Had Nick Rolovich taken over the Washington State football program at any other point in modern history, there is a good chance he would still be head coach of the Cougars. But instead, Rolovich got the job right before the emergence of a global pandemic. As a result, he was faced with a set of questions and circumstances the likes of which had never been seen, and Rolovich was constantly in the news for his contradictory stance on restrictions, the vaccine, and everything COVID-19 related.

This, of course, followed the Mike Leach era, which brought its own brand of unintentional comedy. Whether it was Leach’s dissertations on pirates or soliloquies about the War of 1812, it wasn’t exactly quiet up in the Palouse.

With new head coach Jake Dickert—whose interim tag was removed after a 3-3 finish, complete with a rout of Washington in the Apple Cup—a sense of normalcy has set in, a sense of calm. Dickert is no taskmaster; this is not a “no-nonsense” approach. But, truthfully, it sounds like the Cougars are done with the nonsense.

Everything to lose

Colorado — In danger of bottoming out?

It seems like eons ago, but there was a time when Colorado was a regular top-five fixture, one of the enviable programs in the west. The Buffaloes under Bill McCartney won 78 games from 1989-1996, topping 10 wins five times, including twice under Rick Neuheisel in 1995-96.

But Colorado fans who thought the wheels came off the wagon under Gary Barnett have sorely missed his standard of seven wins.

The Buffaloes dropped in the late 2000s under Dan Hawkins then bottomed out under Jon Embree, going 1-11 in 2012.
Could that happen again this year under Karl Dorrell?

After a 4-8 season, Colorado has a mess of a passing game, a defense with myriad holes, and a head coach fighting for his job after just two years. With a less-than-forgiving schedule that includes road dates at Air Force, Minnesota, Arizona, Oregon State, USC, and Washington, plus home matchups with TCU, UCLA, Oregon, and Utah, things aren’t looking promising for Dorrell.

Arizona — Stunted progress?

Of all the teams that “won” the offseason, Arizona ranks pretty high. Head coach Jedd Fisch may still be a question mark on the field but he is most certainly winning on the recruiting trail, and maybe more importantly, he’s winning over Tucson.

There hasn’t been an Arizona coach this engaged with the community since Dick Tomey. Maybe since Lute Olsen. Kevin Sumlin was the opposite of a figurehead. Rich Rodriguez couldn’t get past his disdain for other human beings. Sean Miller was corrosive with the media. Mike Stoops was a bore.

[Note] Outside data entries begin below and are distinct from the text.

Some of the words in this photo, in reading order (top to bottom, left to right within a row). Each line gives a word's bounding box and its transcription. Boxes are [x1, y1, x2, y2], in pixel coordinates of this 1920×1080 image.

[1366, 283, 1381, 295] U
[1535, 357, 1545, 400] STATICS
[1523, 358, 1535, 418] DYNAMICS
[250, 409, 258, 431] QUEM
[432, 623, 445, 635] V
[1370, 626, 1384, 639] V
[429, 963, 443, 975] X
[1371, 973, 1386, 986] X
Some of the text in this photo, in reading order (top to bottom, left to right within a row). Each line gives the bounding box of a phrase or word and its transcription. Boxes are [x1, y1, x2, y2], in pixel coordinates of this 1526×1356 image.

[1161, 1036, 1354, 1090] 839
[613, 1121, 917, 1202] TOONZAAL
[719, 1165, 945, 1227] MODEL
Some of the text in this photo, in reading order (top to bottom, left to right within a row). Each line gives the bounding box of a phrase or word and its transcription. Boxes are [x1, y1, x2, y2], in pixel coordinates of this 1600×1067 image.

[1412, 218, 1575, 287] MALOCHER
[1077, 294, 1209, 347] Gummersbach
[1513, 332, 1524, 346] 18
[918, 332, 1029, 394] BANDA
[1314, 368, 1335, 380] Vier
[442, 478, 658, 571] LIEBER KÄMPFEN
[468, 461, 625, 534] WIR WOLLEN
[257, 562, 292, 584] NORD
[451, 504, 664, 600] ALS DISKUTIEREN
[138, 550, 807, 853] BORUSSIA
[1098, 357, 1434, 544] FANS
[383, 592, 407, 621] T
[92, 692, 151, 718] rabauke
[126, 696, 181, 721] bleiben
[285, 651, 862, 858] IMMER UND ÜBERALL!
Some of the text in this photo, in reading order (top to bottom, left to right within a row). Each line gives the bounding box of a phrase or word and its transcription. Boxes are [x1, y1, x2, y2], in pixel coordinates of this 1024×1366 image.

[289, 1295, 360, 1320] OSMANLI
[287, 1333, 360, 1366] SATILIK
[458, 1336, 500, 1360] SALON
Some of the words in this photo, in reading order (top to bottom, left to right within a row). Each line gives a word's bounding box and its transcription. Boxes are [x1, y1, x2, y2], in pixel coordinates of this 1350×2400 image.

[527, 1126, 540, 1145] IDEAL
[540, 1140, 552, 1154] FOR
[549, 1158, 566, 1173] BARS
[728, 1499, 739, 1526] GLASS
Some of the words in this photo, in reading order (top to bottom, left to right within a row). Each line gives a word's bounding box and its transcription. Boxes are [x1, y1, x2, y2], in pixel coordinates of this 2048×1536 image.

Fisch is truly killing it in the community, and that matters to Arizona fans.

And so do wins. The Wildcats can absolutely not afford to stub their toe on the field this year. Another one-win season would start the clock on Fisch, and no one with the program wants to see that. Four, even three wins provide something he can sell after the crushing disappointment of the last two seasons. Anything less, and all that charm goes out the window.

Stanford — Can the Trees regain their toughness?

The first cracks showed in 2018. Bryce Love, coming off a Heisman Trophy runner-up finish, was hobbled throughout his senior campaign behind a Stanford offensive line that was vastly inferior to previous versions. In one year, the Stanford rushing attack fell from 202.6 yards per game to 107.9. Love fell from more than 2,100 yards to 739, almost one-third.

Somehow in 2019, the Cardinal were worst, gaining just 105.7 yards per game on the ground. After a marginal improvement in 2020 back up to 133.2 rushing yards per game, Stanford collapsed in 2021, averaging 87.3. Opponents averaged 237.6 on the Cardinal, a margin of minus-150.3 per game.

It’s almost inconceivable. The Cardinal used to be defined by their strong running game under David Shaw. And now this?

Unless Stanford can right the ship on both sides of the line, Shaw’s résumé might need polishing.